At the very least, some tweaks are needed here and there to get the right result.
Sometimes the process can be much more involved and can take hours before a form
or function works the way I need it to. During that time, I'll be making changes
here and there, consulting technical forums and help files and almost always learning
something I didn't know before. Another rarity is a project where I don't
learn at least two or three new and fun things I can do with Access. Discovery
is half the fun, after all.
The more time you spend testing and debugging a program, the better. Every
hour that you spend testing means at least one less potentially embarrassing problem
for the user to discover. Entering pages of test data and coming up with test
scenarios can be tedious and sometimes Access can seem to have its own obstinate
personality when that one function you know should work doesn't. Debugging
is essential, however, if the interfaces you design are going to meet the user's
needs.
Of course, beyond the process of debugging, there's the time that you spend looking
for ways in which to improve the application.

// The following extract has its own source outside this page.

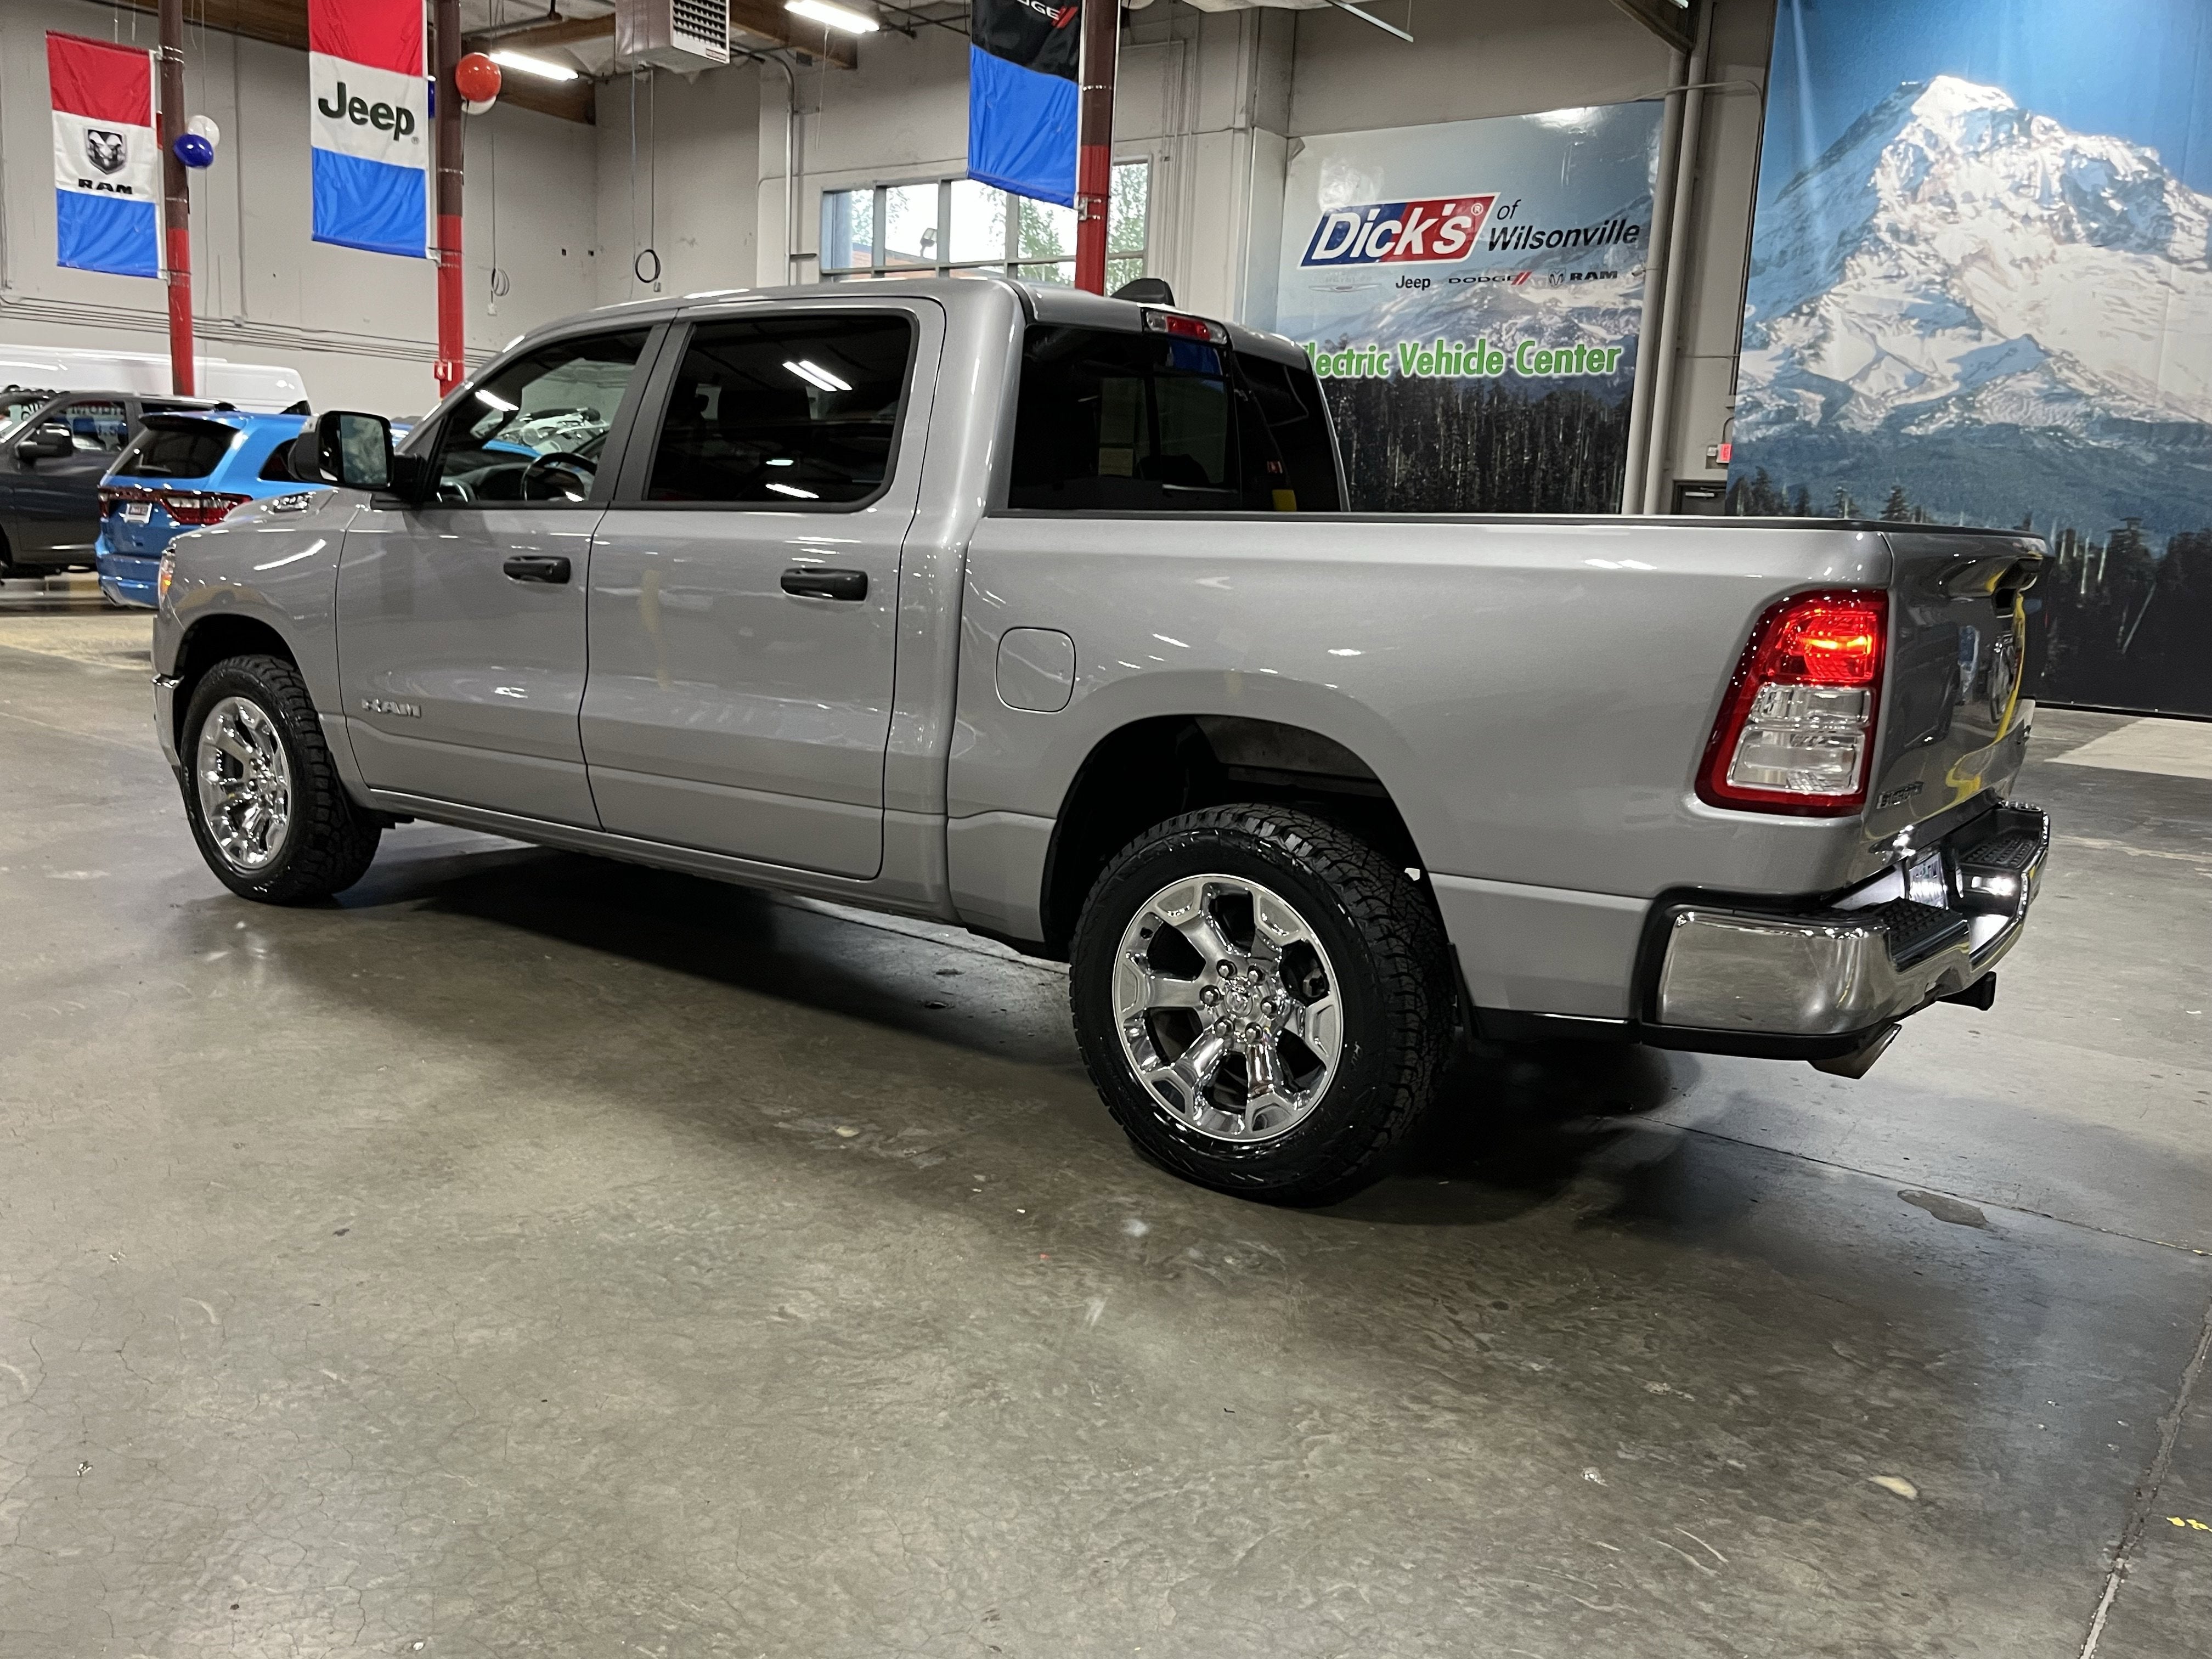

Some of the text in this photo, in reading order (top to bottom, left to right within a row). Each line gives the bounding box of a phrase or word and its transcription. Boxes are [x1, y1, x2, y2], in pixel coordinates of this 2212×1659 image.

One saying that's stuck with
me over the years is "That which is 'good enough' seldom is." Your willingness
to look for improvements in your programs for the benefit of the users, even when
you don't believe they're strictly necessary, makes the difference between designing
a barely adequate program that eventually has to be replaced at great expense by
a professional programmer and providing a great solution that is praised by the
people who see and use it.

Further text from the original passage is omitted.